■ RECORDS SUPPLIED
-----
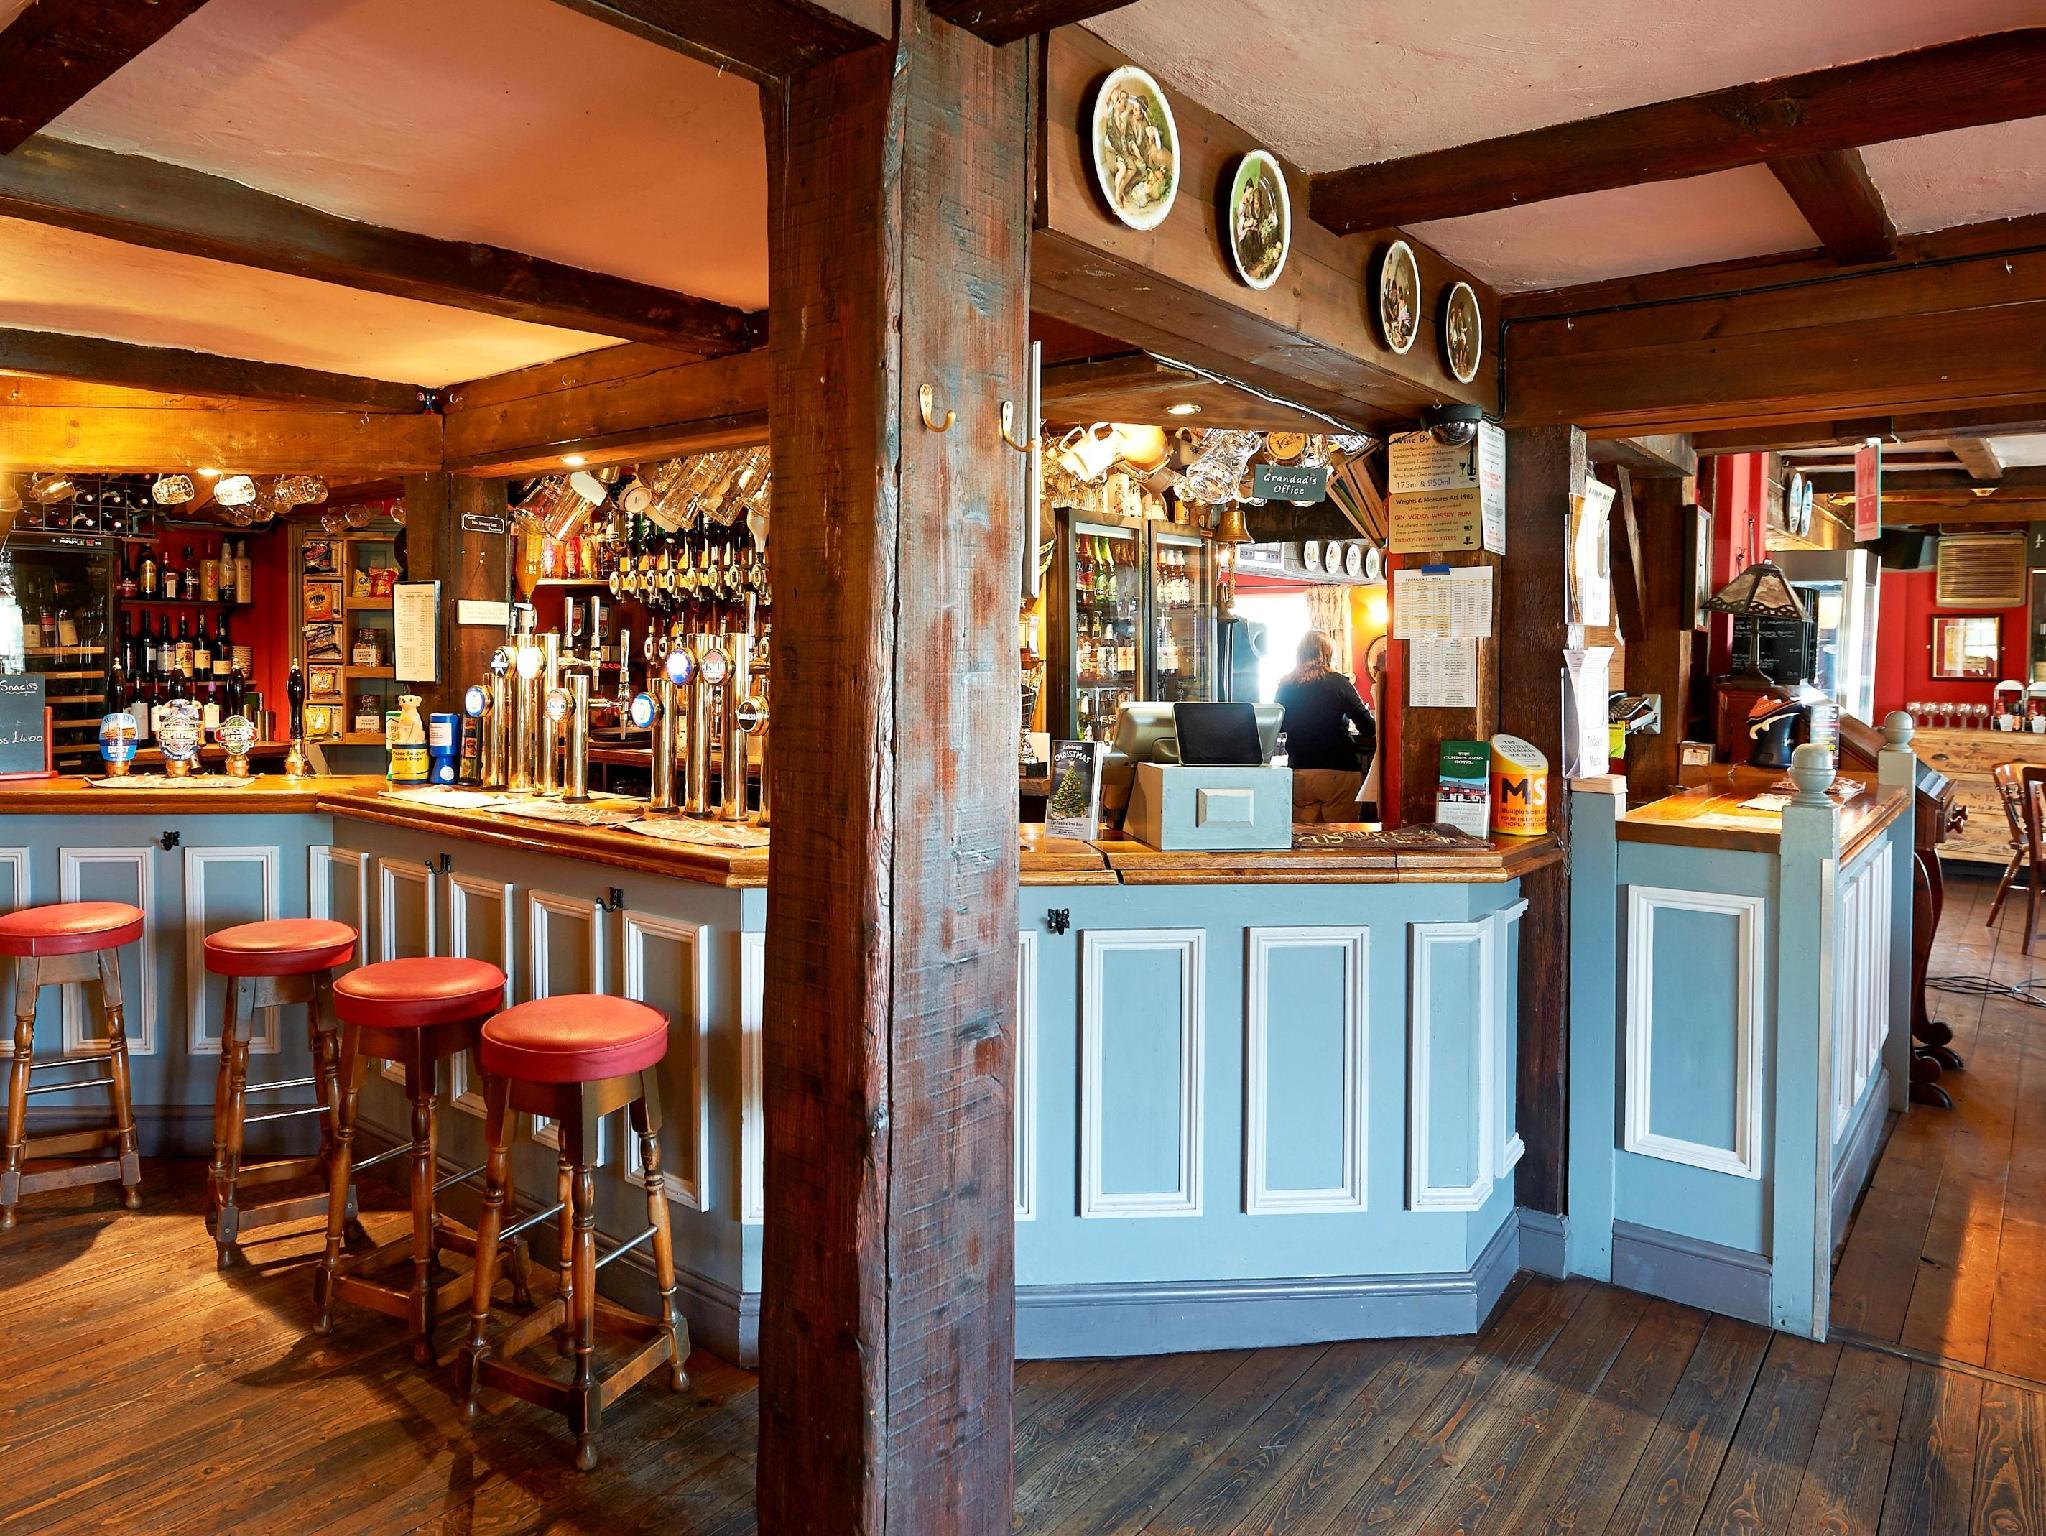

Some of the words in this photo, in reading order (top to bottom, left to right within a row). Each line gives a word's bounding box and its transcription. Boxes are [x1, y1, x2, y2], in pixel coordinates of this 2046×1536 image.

[1420, 434, 1430, 443] By
[1264, 472, 1317, 484] Grandad's
[1274, 484, 1305, 494] Office
[1054, 750, 1092, 764] CHRISTMAS
-----
Repeat everything in the records above exactly; pictures are not part of the copy.

■ EXERCISE RESPONSE
Some of the words in this photo, in reading order (top to bottom, left to right within a row). Each line gives a word's bounding box and its transcription. Boxes are [x1, y1, x2, y2], in pixel coordinates of this 2046×1536 image.

[1420, 434, 1430, 443] By
[1264, 472, 1317, 484] Grandad's
[1274, 484, 1305, 494] Office
[1054, 750, 1092, 764] CHRISTMAS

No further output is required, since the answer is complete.